When disruption is afoot, incumbents typically remain tethered to their longstanding habits to sustain themselves. In the context of an increasingly competitive marketplace for law students, this is playing itself out in a quest to retain prestige in the legacy system for ranking law schools, the U.S. News & World Report rankings. Law schools continue to chase prestige by luring students whose LSAT scores and undergraduate grade point averages will help them move up the rankings.
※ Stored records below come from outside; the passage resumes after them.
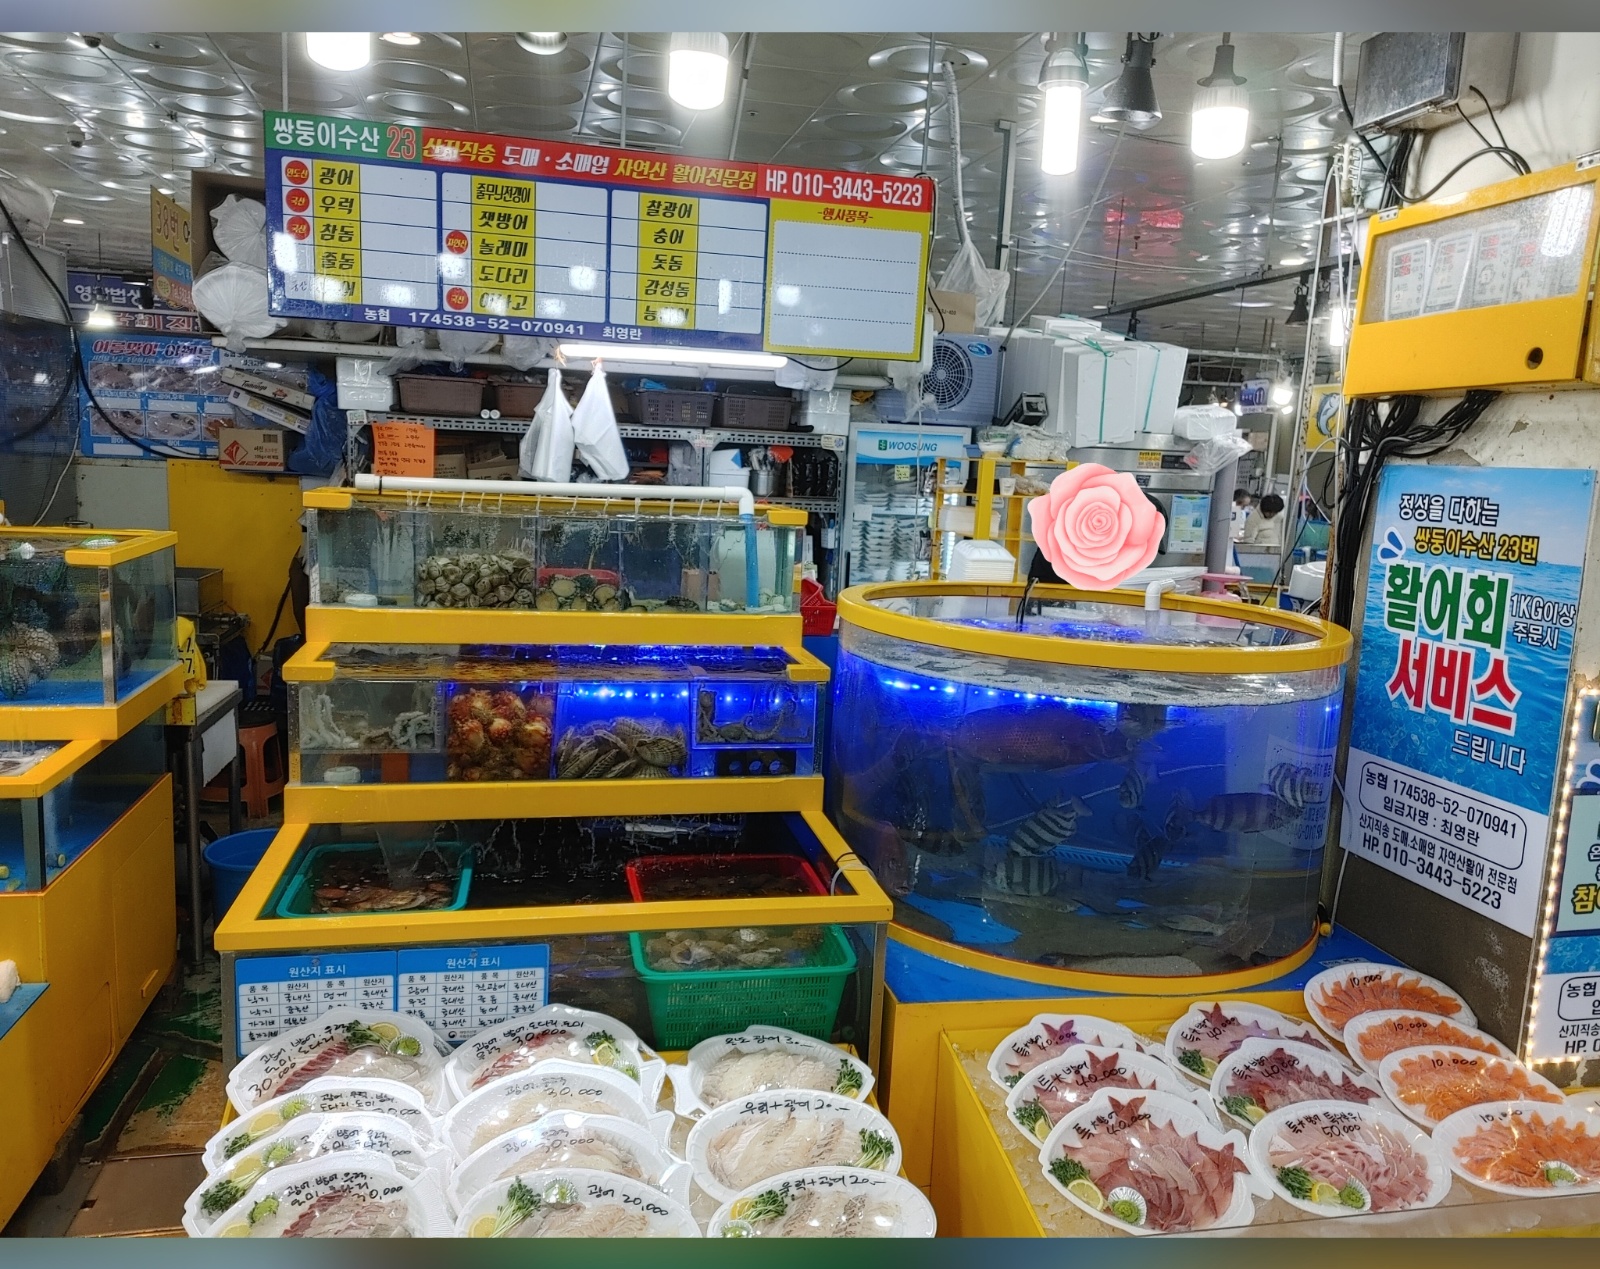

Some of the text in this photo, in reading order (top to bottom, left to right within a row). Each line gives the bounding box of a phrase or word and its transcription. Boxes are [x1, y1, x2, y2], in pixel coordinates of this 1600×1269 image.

[273, 118, 416, 160] 쌍둥이수산 23
[320, 167, 354, 186] 광어
[502, 146, 540, 166] 도매
[555, 153, 610, 174] 소매업
[613, 158, 666, 181] 자연산
[672, 163, 757, 190] 활어전문점
[766, 169, 788, 194] HP.
[792, 172, 922, 207] 010-3443-5223
[291, 196, 354, 214] 국산 우럭
[646, 200, 693, 219] 찰광어
[478, 211, 528, 230] 잿방어
[292, 224, 354, 242] 국산 참돔
[653, 228, 684, 245] 숭어
[479, 238, 528, 258] 놀래미
[322, 252, 354, 270] 줄돔
[653, 254, 684, 272] 돗돔
[479, 266, 528, 284] 도다리
[644, 279, 690, 298] 감성돔
[450, 295, 464, 303] 국산
[364, 308, 642, 342] 농협 174538-52-070941 최영란
[888, 441, 938, 452] WOOSUNG
[1400, 493, 1500, 526] 정성을 다하는
[1414, 526, 1540, 565] 쌍둥이수산 23번
[1386, 562, 1510, 650] 활어회
[1511, 593, 1576, 627] 1KG이상
[1513, 622, 1559, 650] 주문시
[1389, 638, 1520, 732] 서비스
[1452, 730, 1526, 775] 드립니다
[1365, 768, 1517, 840] 농협 174538-52-070941
[1384, 797, 1480, 847] 입금자명 최영란
[1360, 813, 1390, 838] 산지직송
[1438, 846, 1486, 880] 자연산활어
[1488, 866, 1518, 894] 전문점
[1362, 834, 1502, 909] HP. 010-3443-5223
[288, 964, 346, 978] 원산지 표시
[446, 957, 500, 968] 원산지 표시
[287, 982, 309, 990] 원산지
[364, 978, 384, 986] 원산지
[444, 974, 464, 982] 원산지
[516, 970, 536, 978] 원산지
[408, 986, 429, 994] 광어
[442, 985, 464, 993] 국내산
[514, 982, 537, 990] 국내산
[1566, 982, 1596, 998] 농협
[284, 993, 311, 1002] 국내산
[441, 996, 464, 1005] 국내산
[512, 993, 538, 1002] 국내산
[441, 1008, 466, 1018] 국내산
[442, 1018, 466, 1028] 국내산
[753, 1035, 780, 1044] 광어
[1564, 1039, 1587, 1054] HP.
[588, 1184, 614, 1198] 광어
They are attracting students by offering tuition discounts -- during the 2013-14 school year just under 40 percent of law students paid full tuition.
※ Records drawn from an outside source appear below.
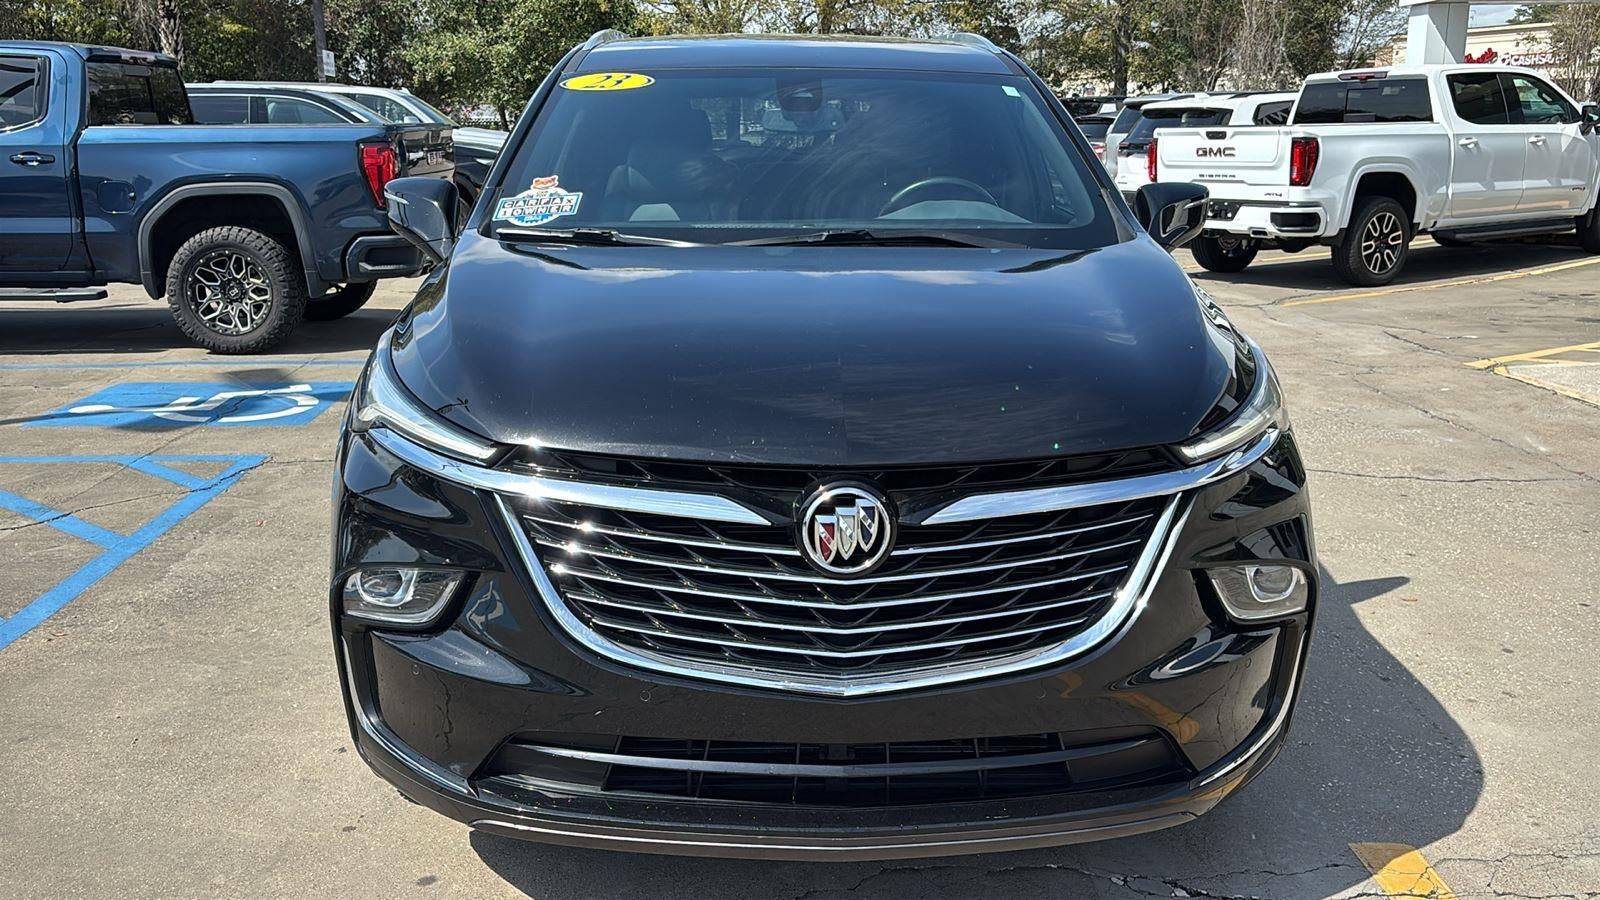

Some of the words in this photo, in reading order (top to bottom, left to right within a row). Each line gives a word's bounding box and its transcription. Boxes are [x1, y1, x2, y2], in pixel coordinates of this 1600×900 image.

[581, 75, 631, 88] 23
[1196, 147, 1236, 158] GMC
[502, 196, 574, 209] CARFAX
[513, 205, 571, 216] OWNER
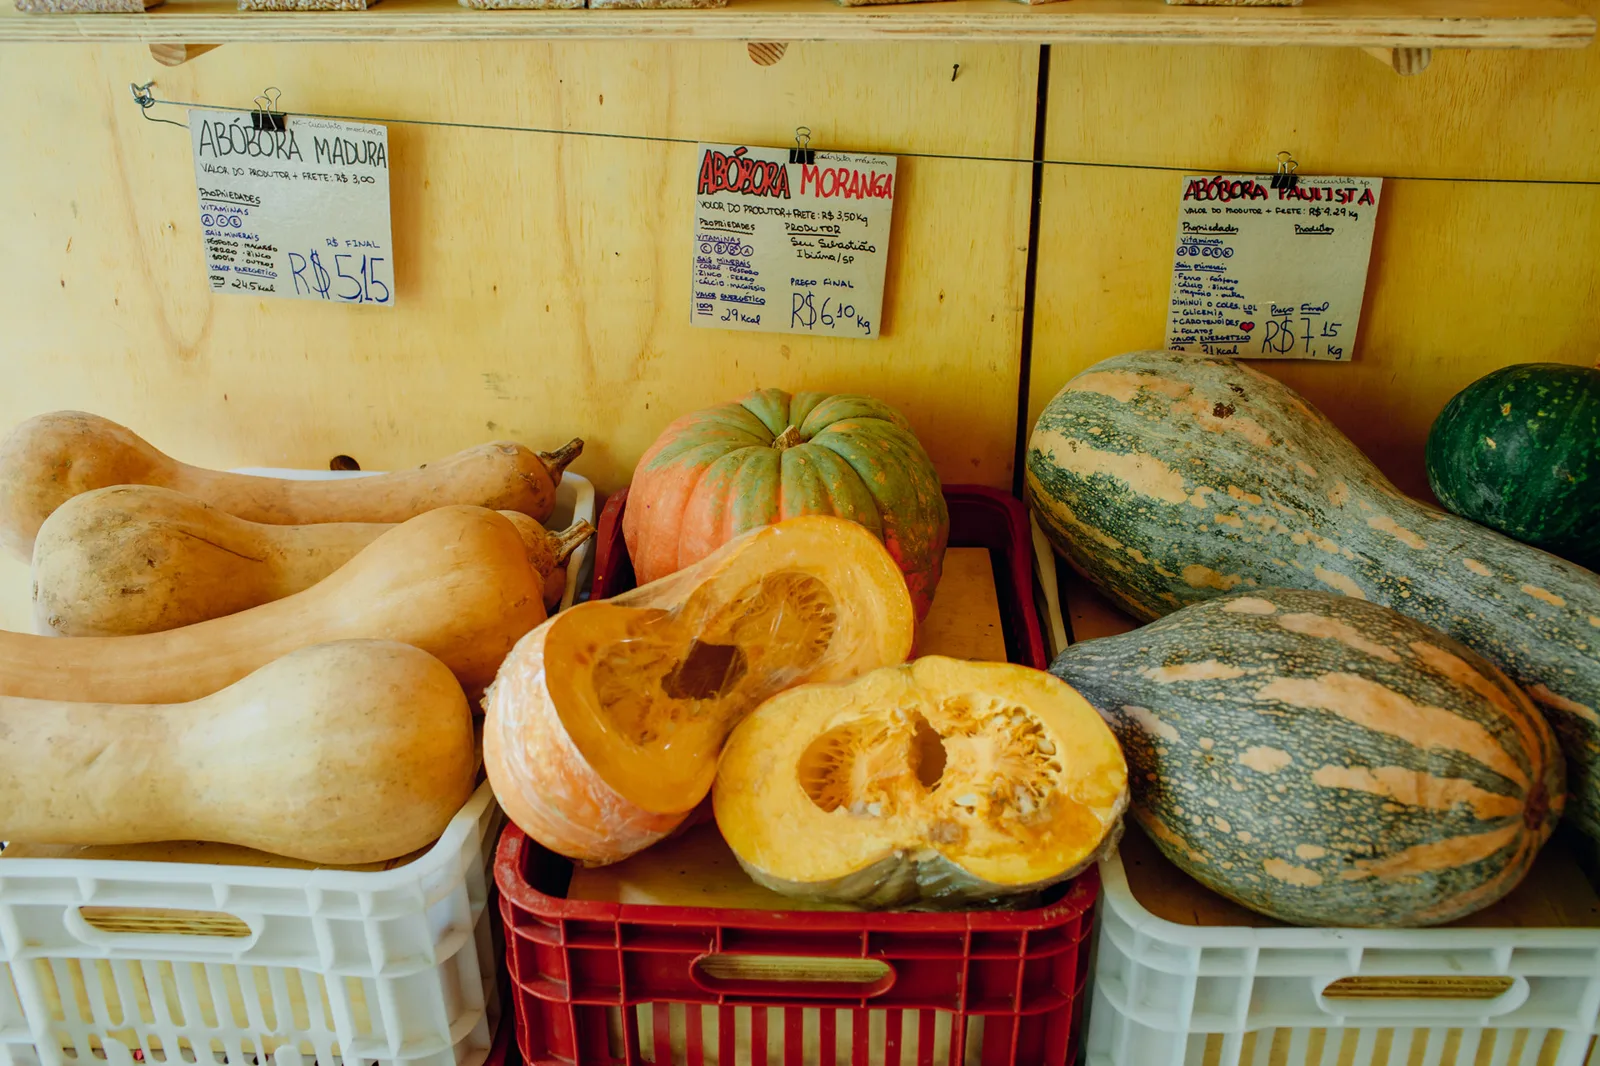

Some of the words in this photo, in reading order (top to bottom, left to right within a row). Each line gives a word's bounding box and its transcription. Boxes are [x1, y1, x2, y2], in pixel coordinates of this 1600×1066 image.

But this push to retain prestige in turn reduces revenues and places the schools in a vicious cycle as the expenditures to remain competitive and improve continue to escalate, as has been true in all of higher education.
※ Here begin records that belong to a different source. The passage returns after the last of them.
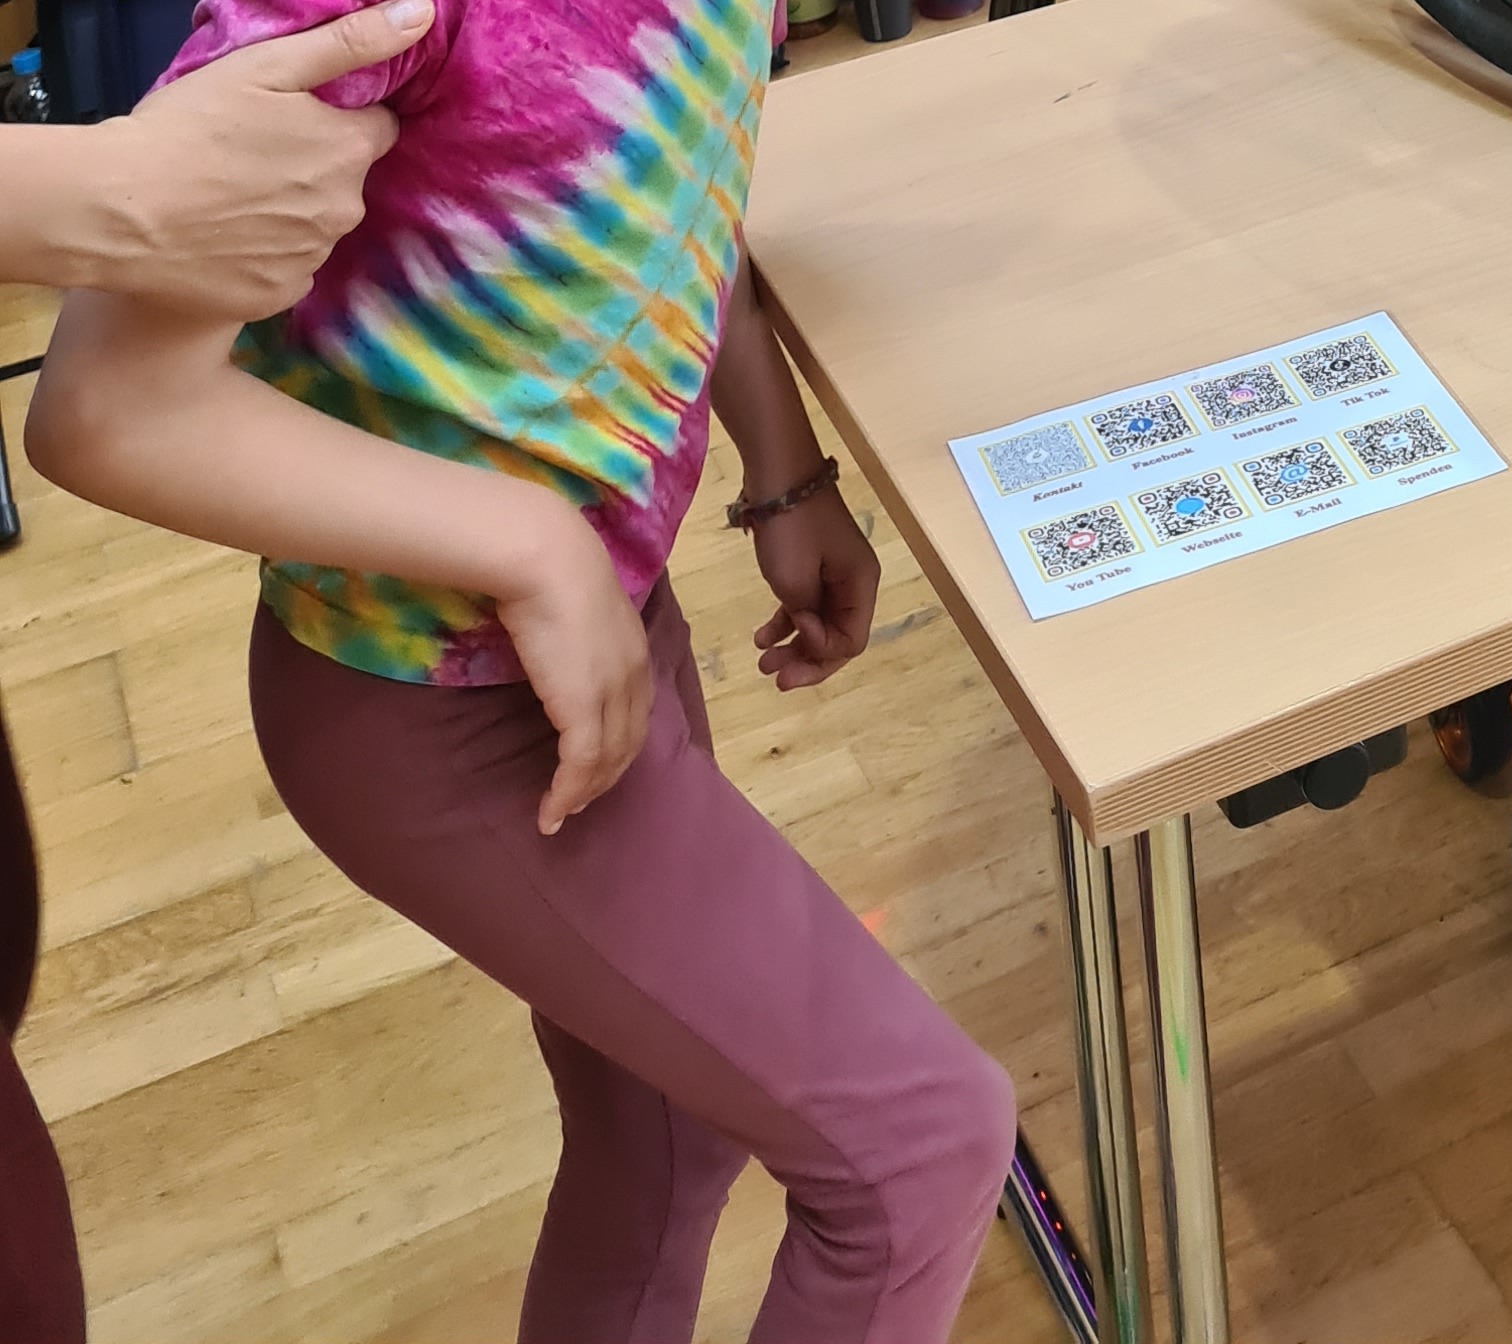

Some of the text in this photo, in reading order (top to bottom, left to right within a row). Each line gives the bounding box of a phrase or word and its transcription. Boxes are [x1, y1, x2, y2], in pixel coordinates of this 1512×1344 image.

[1340, 387, 1390, 407] Tik Tok
[1231, 416, 1298, 440] Instagram
[1131, 447, 1195, 470] Facebook
[1397, 463, 1453, 486] Spenden
[1032, 481, 1083, 503] Kontakt
[1295, 498, 1342, 518] E-Mail
[1181, 530, 1243, 554] Webseite
[1066, 565, 1132, 592] You Tube
Lawsuits challenging the veracity of claims that law schools make around job placement are increasing, and if a verdict goes against a law school, the floodgates against them could open that much wider.
On top of all these challenges, higher education itself is, of course, seeing a variety of potential disrupters emerge, all powered at least in part through online learning.
To this point, disruptive innovators have not directly attacked law schools by offering new versions of a legal education. But were entities to emerge that paired online learning, with its flexibility and competency-based learning attributes, with place-based boot camp-type clinical experiences that trained students to practice law in a more affordable and practice-oriented fashion, the pressure on law schools would only increase.
We see four possible solutions for nonelite law schools.
First, launching an autonomous entity is a proven way to combat the impact of disruption. By harnessing an existing law school’s superior resources to pioneer the disruption and create enough separation so the parent entity’s existing processes and priorities do not stifle the new entity, a law school-based educational start-up could itself become the first disrupter.
Second, schools could use online learning technologies as a sustaining innovation to improve learning and control costs. By blending online learning with face-to-face instruction, law schools could incorporate more active learning and professional skills development into the existing three-year educational model.
Third, they could specialize by creating programs that allow J.D. students to focus deeply on a particular area of law. Students could learn core subjects through online, competency-based programs and their in-person experience would focus on extensive training in a particular area of law through experiential learning courses, live-client clinics, simulations, capstones, directed research and writing, moot court and trial advocacy exercises, and field placements.
And, finally, innovative law schools could build new, non-J.D. degree programs that specialize in training students for careers that combine elements from law, business and government -- in international trade, for example -- but do not fit neatly into existing law, business or government schools and are less time-consuming and expensive than, say, a joint J.D.-M.B.A. Or they could offer new credentials that prepare non-J.D.s for the many fields that intersect with the law but do not require a J.D. degree, such as regulatory compliance.
The future is coming for law schools; the question is whether law schools themselves will play a role in shaping that future or be shaped by the cascading circumstances surrounding them.
Michele R. Pistone is a professor of law at Villanova University's Charles Widger School of Law and an adjunct fellow at the Clayton Christensen Institute. Michael B. Horn is a cofounder and distinguished fellow at the Clayton Christensen Institute and a principal consultant for Entangled Solutions, which offers innovation services to higher education institutions.